*** Opening EXERCISE MATERIAL ***

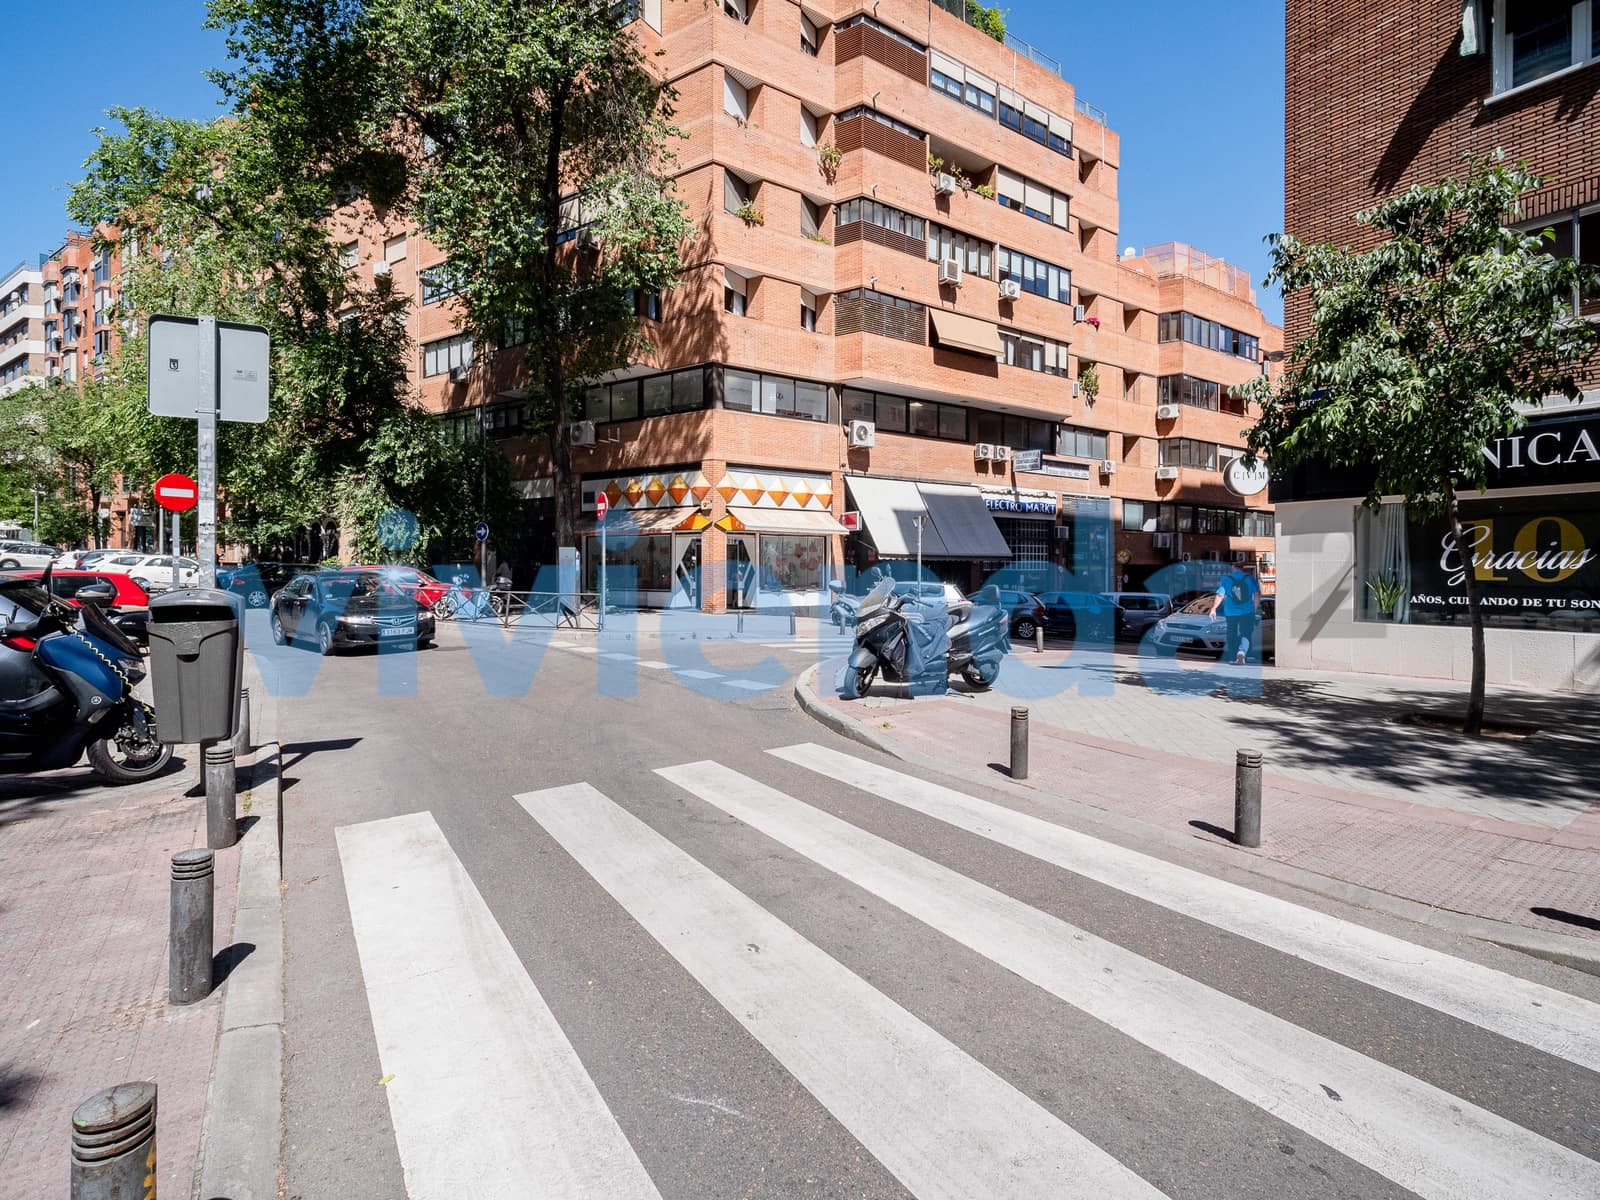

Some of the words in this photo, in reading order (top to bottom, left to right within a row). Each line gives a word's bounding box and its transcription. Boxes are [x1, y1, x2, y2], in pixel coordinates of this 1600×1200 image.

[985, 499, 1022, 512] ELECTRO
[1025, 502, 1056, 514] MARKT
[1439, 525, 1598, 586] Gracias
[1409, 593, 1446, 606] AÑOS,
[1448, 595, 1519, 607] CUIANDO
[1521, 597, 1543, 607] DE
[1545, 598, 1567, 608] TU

*** Closing EXERCISE MATERIAL ***

WORK REQUIRED:
Transcribe the listing exactly; omit all images.

RESULT OF THIS EXERCISE:
Some of the words in this photo, in reading order (top to bottom, left to right within a row). Each line gives a word's bounding box and its transcription. Boxes are [x1, y1, x2, y2], in pixel coordinates of this 1600×1200 image.

[985, 499, 1022, 512] ELECTRO
[1025, 502, 1056, 514] MARKT
[1439, 525, 1598, 586] Gracias
[1409, 593, 1446, 606] AÑOS,
[1448, 595, 1519, 607] CUIANDO
[1521, 597, 1543, 607] DE
[1545, 598, 1567, 608] TU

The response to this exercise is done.